No, what they should have done, and could do, is broadcast these 40 channels from a bird that can beam it to the HR10s as well. They DO or WILL have the ability to do this, even if it's for a limited time.


----------



## bobnielsen (Jun 29, 2006)

Lord Vader said:


> No, what they should have done, and could do, is broadcast these 40 channels from a bird that can beam it to the HR10s as well. They DO or WILL have the ability to do this, even if it's for a limited time.


Directv has already maxed out the use of the available Ku-band frequencies and orbital locations (at least for CONUS beams). Therefore, they didn't have authority to put up any more satellites in locations authorized for Ku-band (this involves international agreements as well as the FCC). There were Ka-band slots available (although not intended for DBS) and they were able to get the FCC to authorize their use for this purpose.

I think that they can only fit 2 or 3 MPEG2 HD channels in the bandwidth of a single Ku-band transponder (even with HD-Lite and reduced bit rates, the 3 transponders at 110 only carry 8 full-time channels), so 40 channels requires a lot of capacity. If the FCC would have authorized the Dish/Directv merger a few years back, we probably wouldn't be having this discussion.


----------



## Halo (Jan 13, 2006)

Lord Vader said:


> No, what they should have done, and could do, is broadcast these 40 channels from a bird that can beam it to the HR10s as well. They DO or WILL have the ability to do this, even if it's for a limited time.

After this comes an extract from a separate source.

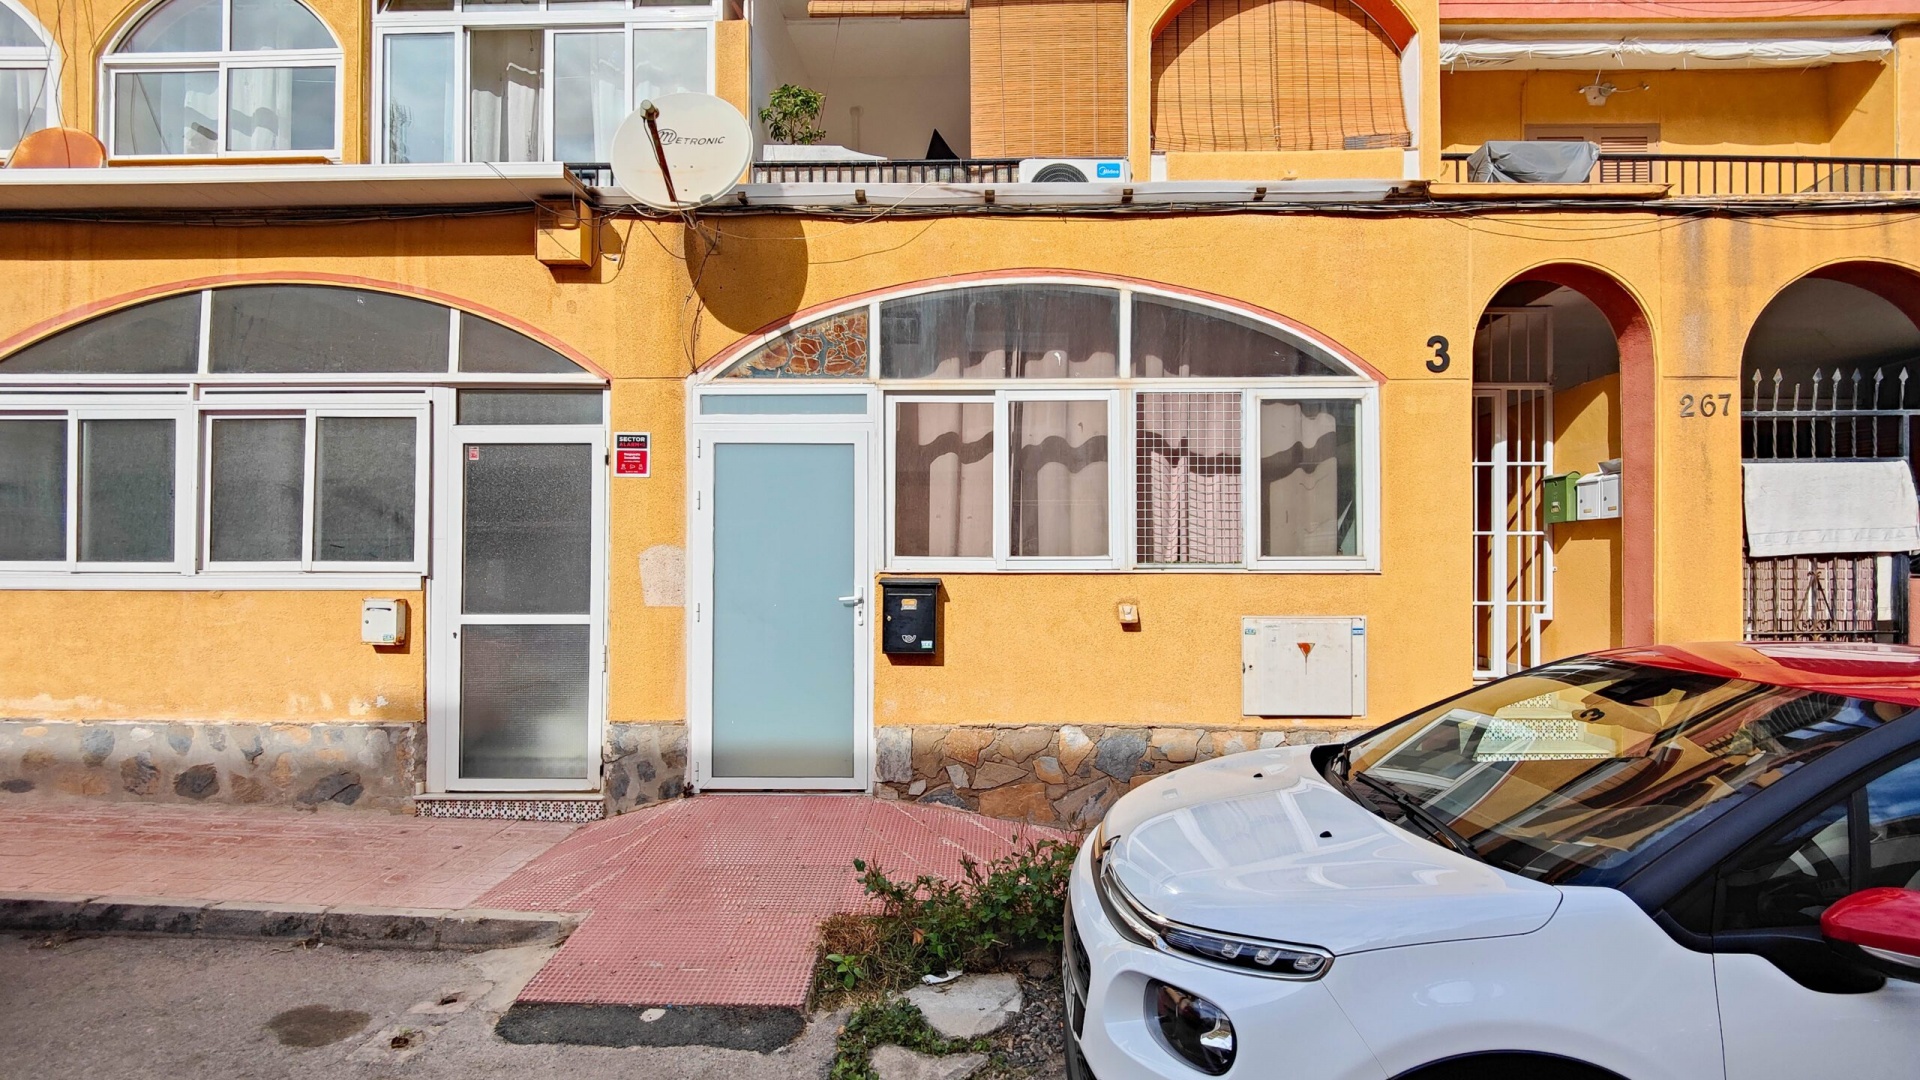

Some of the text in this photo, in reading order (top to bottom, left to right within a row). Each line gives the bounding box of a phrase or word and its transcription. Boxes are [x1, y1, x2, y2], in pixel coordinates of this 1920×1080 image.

[658, 129, 725, 145] METRONIC
[1425, 335, 1450, 373] 3
[1679, 393, 1732, 418] 267

Which bird is that? They can't even find the bandwidth to add _one_ new HD channel on their existing Ku spectrum, how in the world could they add 40?

Their Ku liscensed freqs are maxed out. They have to go to extreme measures now (downrezzing 1080i to 1280x1080 and often bitstarving) just to fit the HD channels they already offer. If they could add more HD channels on Ku they would, but they can't.


----------



## PoitNarf (Aug 19, 2006)

Lord Vader said:


> No, what they should have done, and could do, is broadcast these 40 channels from a bird that can beam it to the HR10s as well. They DO or WILL have the ability to do this, even if it's for a limited time.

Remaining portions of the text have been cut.